• _What to do_: Without including any pictures, give back all of the data exactly.
*** Block opens ***
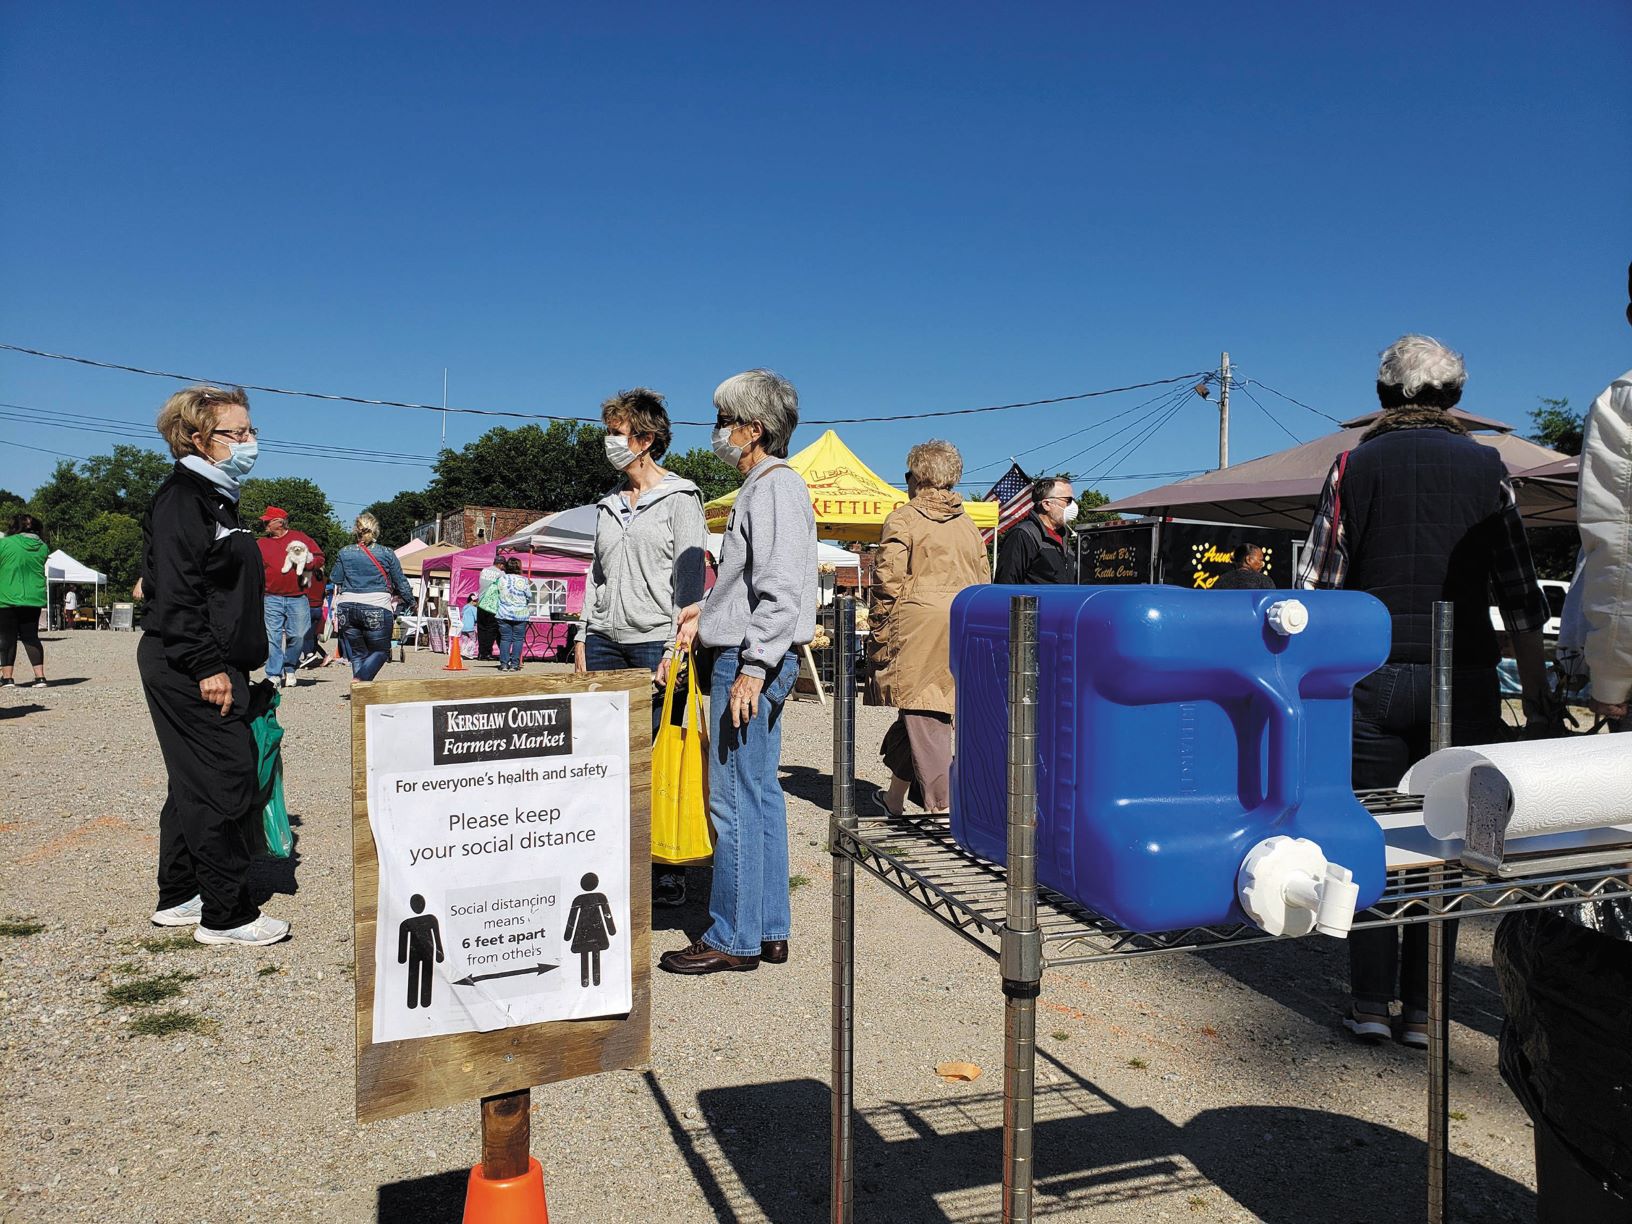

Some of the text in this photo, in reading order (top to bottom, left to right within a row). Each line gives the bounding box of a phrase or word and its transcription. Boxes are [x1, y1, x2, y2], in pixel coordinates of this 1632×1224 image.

[812, 498, 881, 517] KETTLE
[442, 731, 566, 756] Farmers Market
[395, 780, 418, 794] For
[497, 768, 539, 786] health
[542, 765, 567, 781] and
[570, 762, 609, 779] safety
[448, 807, 562, 832] Please keep
[408, 828, 597, 867] your social distance
[450, 894, 557, 917] Social distancing
[484, 915, 526, 930] means
[462, 928, 546, 949] 6 feet apart
[466, 946, 542, 966] from others
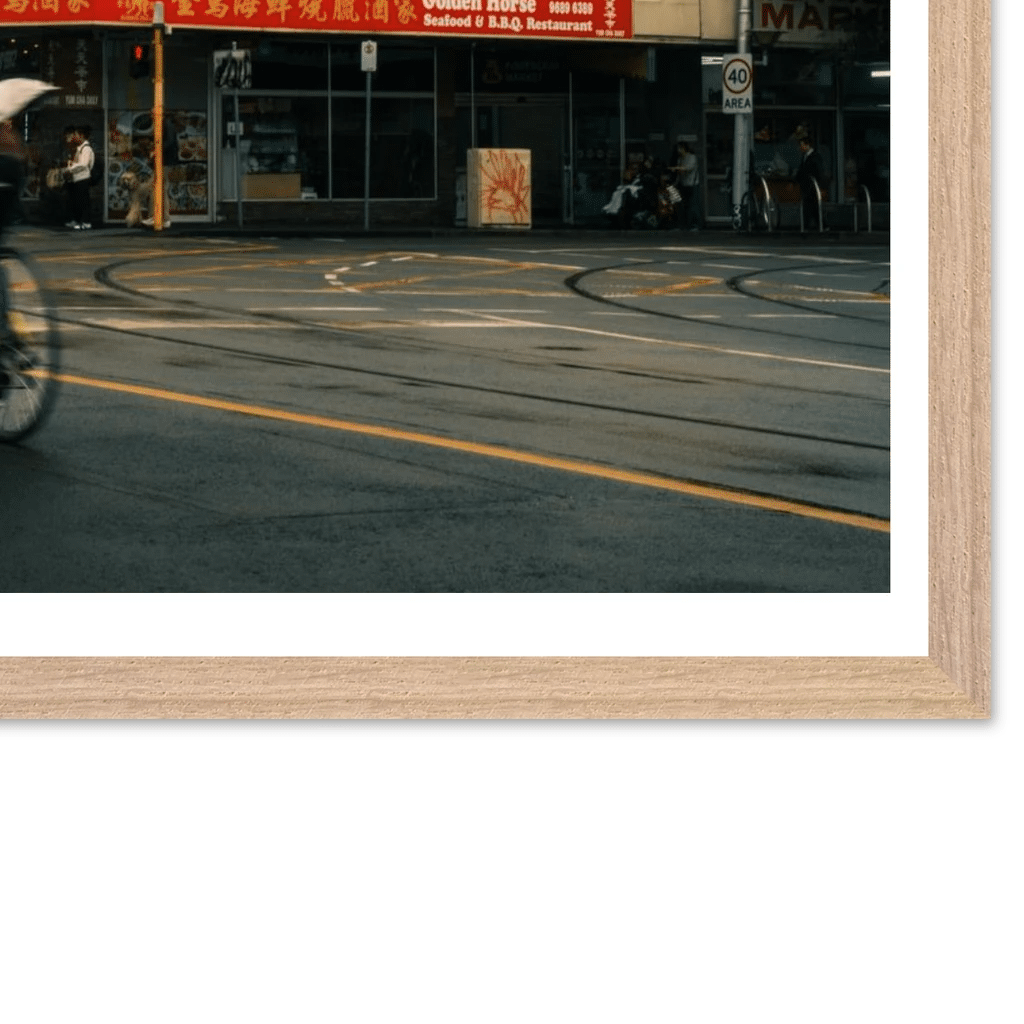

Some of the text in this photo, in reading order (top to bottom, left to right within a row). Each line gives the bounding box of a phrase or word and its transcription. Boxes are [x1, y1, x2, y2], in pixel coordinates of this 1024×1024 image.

[423, 13, 472, 28] Seafood
[526, 17, 593, 32] Restaurant
[727, 68, 748, 85] 40
[725, 97, 752, 110] AREA
*** Block closes ***
• _The completed task_:
Some of the text in this photo, in reading order (top to bottom, left to right within a row). Each line gives the bounding box of a phrase or word and its transcription. Boxes are [x1, y1, x2, y2], in pixel coordinates of this 1632×1224 image.

[812, 498, 881, 517] KETTLE
[442, 731, 566, 756] Farmers Market
[395, 780, 418, 794] For
[497, 768, 539, 786] health
[542, 765, 567, 781] and
[570, 762, 609, 779] safety
[448, 807, 562, 832] Please keep
[408, 828, 597, 867] your social distance
[450, 894, 557, 917] Social distancing
[484, 915, 526, 930] means
[462, 928, 546, 949] 6 feet apart
[466, 946, 542, 966] from others

Some of the text in this photo, in reading order (top to bottom, left to right within a row). Each line gives the bounding box of a phrase or word and its transcription. Boxes are [x1, y1, x2, y2], in pixel coordinates of this 1024×1024 image.

[423, 13, 472, 28] Seafood
[526, 17, 593, 32] Restaurant
[727, 68, 748, 85] 40
[725, 97, 752, 110] AREA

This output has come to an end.